Standard SSD disks can often be replaced with Premium SSD v2 disks, offering enhanced IOPS, throughput, and durability at competitive or lower pricing. For workloads that require moderate to high performance but are currently constrained by Standard SSD capabilities, migrating to Premium SSD v2 improves both performance and cost efficiency without significant operational overhead.

Disks attached to VMs that have been stopped for an extended period, particularly when showing no read or write activity, may indicate abandoned infrastructure or obsolete resources. Retaining these disks without validation leads to unnecessary monthly storage costs. Reviewing and cleaning up inactive disks helps optimize spend and maintain storage hygiene.

Tables with no read or write activity often represent deprecated applications, obsolete telemetry, or abandoned development artifacts. Retaining inactive tables increases storage costs and operational complexity. Regularly auditing and cleaning up unused tables helps maintain a streamlined, cost-effective storage environment.

Files that show no read or write activity over an extended period often indicate redundant or abandoned data. Keeping inactive files in higher-cost storage classes unnecessarily increases monthly spend. Implementing proactive archiving, deletion workflows, and safety features like Blob Soft Delete or Versioning improves cost efficiency while protecting against accidental data loss.

Buckets without Autoclass enabled can accumulate infrequently accessed data in more expensive storage classes, inflating monthly costs. Enabling Autoclass allows GCS to automatically move objects to lower-cost tiers based on observed access behavior, optimizing storage costs without manual lifecycle policy management. Activating Autoclass reduces operational overhead while maintaining seamless access to objects across storage classes.

This inefficiency arises when snapshots are retained long after they’ve served their purpose.
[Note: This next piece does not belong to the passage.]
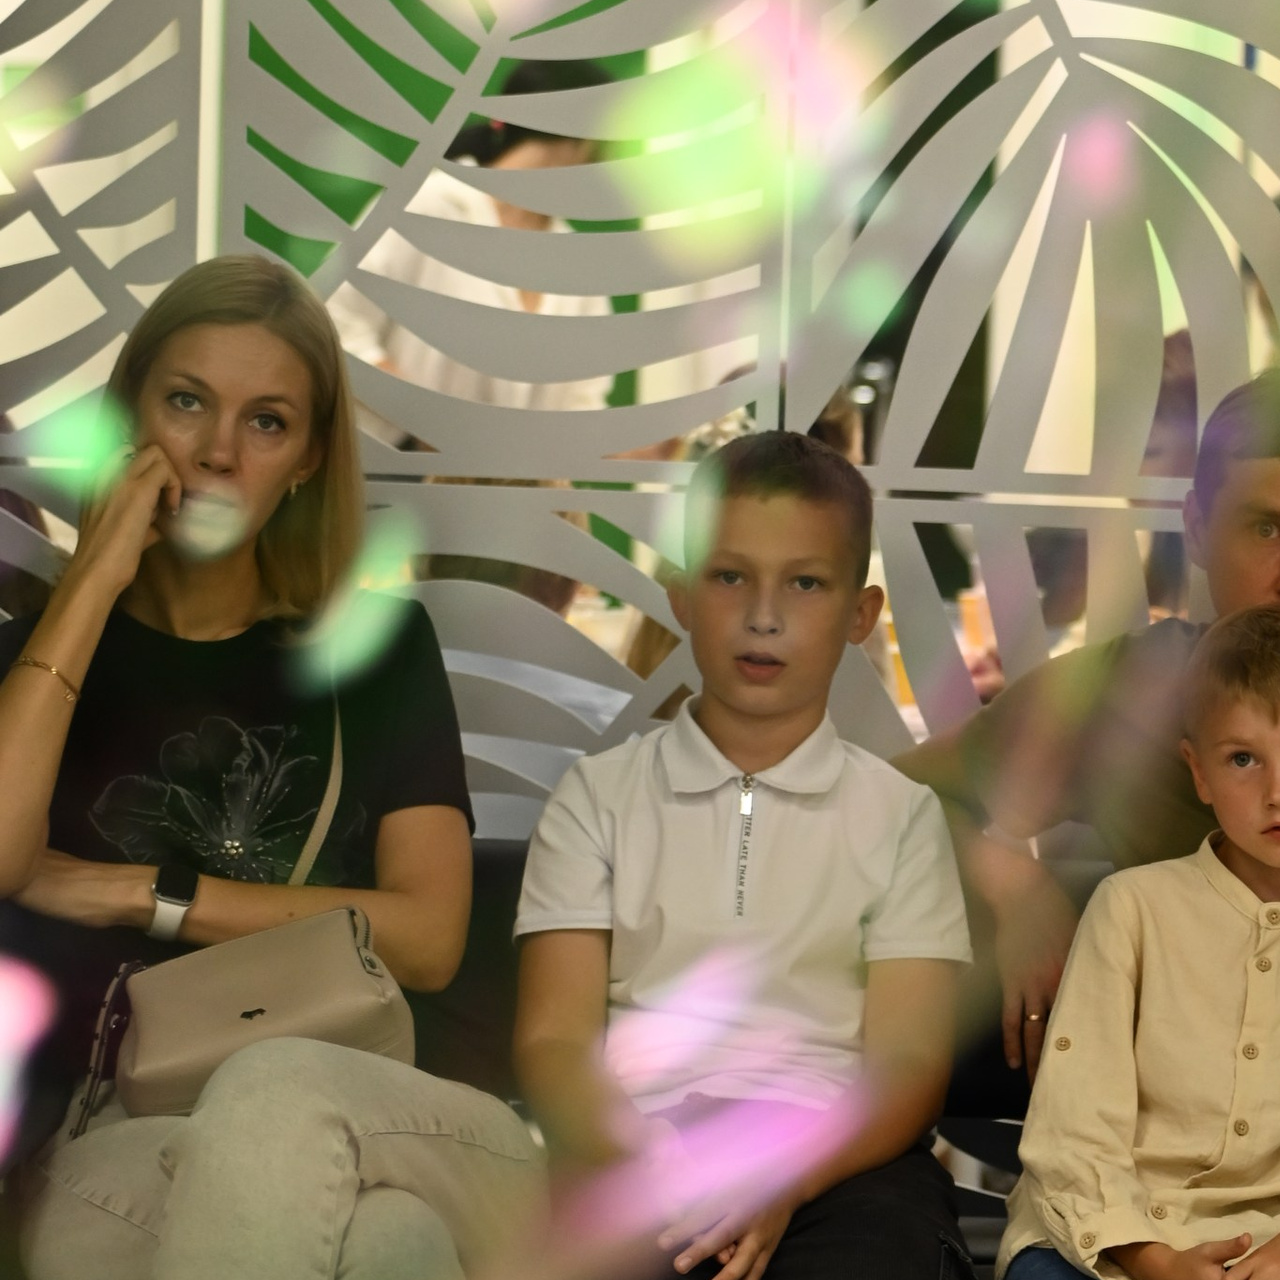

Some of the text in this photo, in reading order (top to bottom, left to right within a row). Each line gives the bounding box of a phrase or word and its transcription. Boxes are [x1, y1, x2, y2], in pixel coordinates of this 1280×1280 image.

[736, 814, 752, 917] TTER LATE THAN NEVER
Snapshots may have been created for backups, migrations, or disaster recovery plans but were never deleted—even after the related workload or volume was decommissioned. Over time, these unused snapshots accumulate, continuing to incur storage costs without providing operational value.

This inefficiency occurs when small files are stored in S3 storage classes that impose a minimum object size charge, resulting in unnecessary costs. Small files under 128 KB stored in Glacier Instant Retrieval, Standard-IA, or One Zone-IA are billed as if they were 128 KB. If these small files are accessed frequently, S3 Standard may be a better fit. For infrequently accessed small files, transitioning them to archival storage classes like Glacier Flexible Retrieval or Deep Archive can optimize storage spend. Poorly tuned lifecycle policies often allow small files to remain in suboptimal storage classes indefinitely.

This inefficiency occurs when legacy volume types such as gp2 or io1 remain in use, even though AWS has released newer types—like gp3 and io2—that offer better performance at lower cost. Gp3 allows users to configure IOPS and throughput independently of volume size, while io2 provides higher durability and more predictable performance than io1. These newer volumes are generally more cost-effective and can be adopted without re-architecting workloads. Many teams continue using outdated types due to default AMIs, automation templates, or simple oversight.

This inefficiency occurs when an EBS volume has provisioned IOPS levels that consistently exceed the actual I/O requirements of the workload it supports. This can happen when performance buffers are estimated too high, usage patterns change over time, or default settings are left unadjusted. Provisioned IOPS above the included baseline generate ongoing charges that may not reflect actual utilization, resulting in avoidable cost.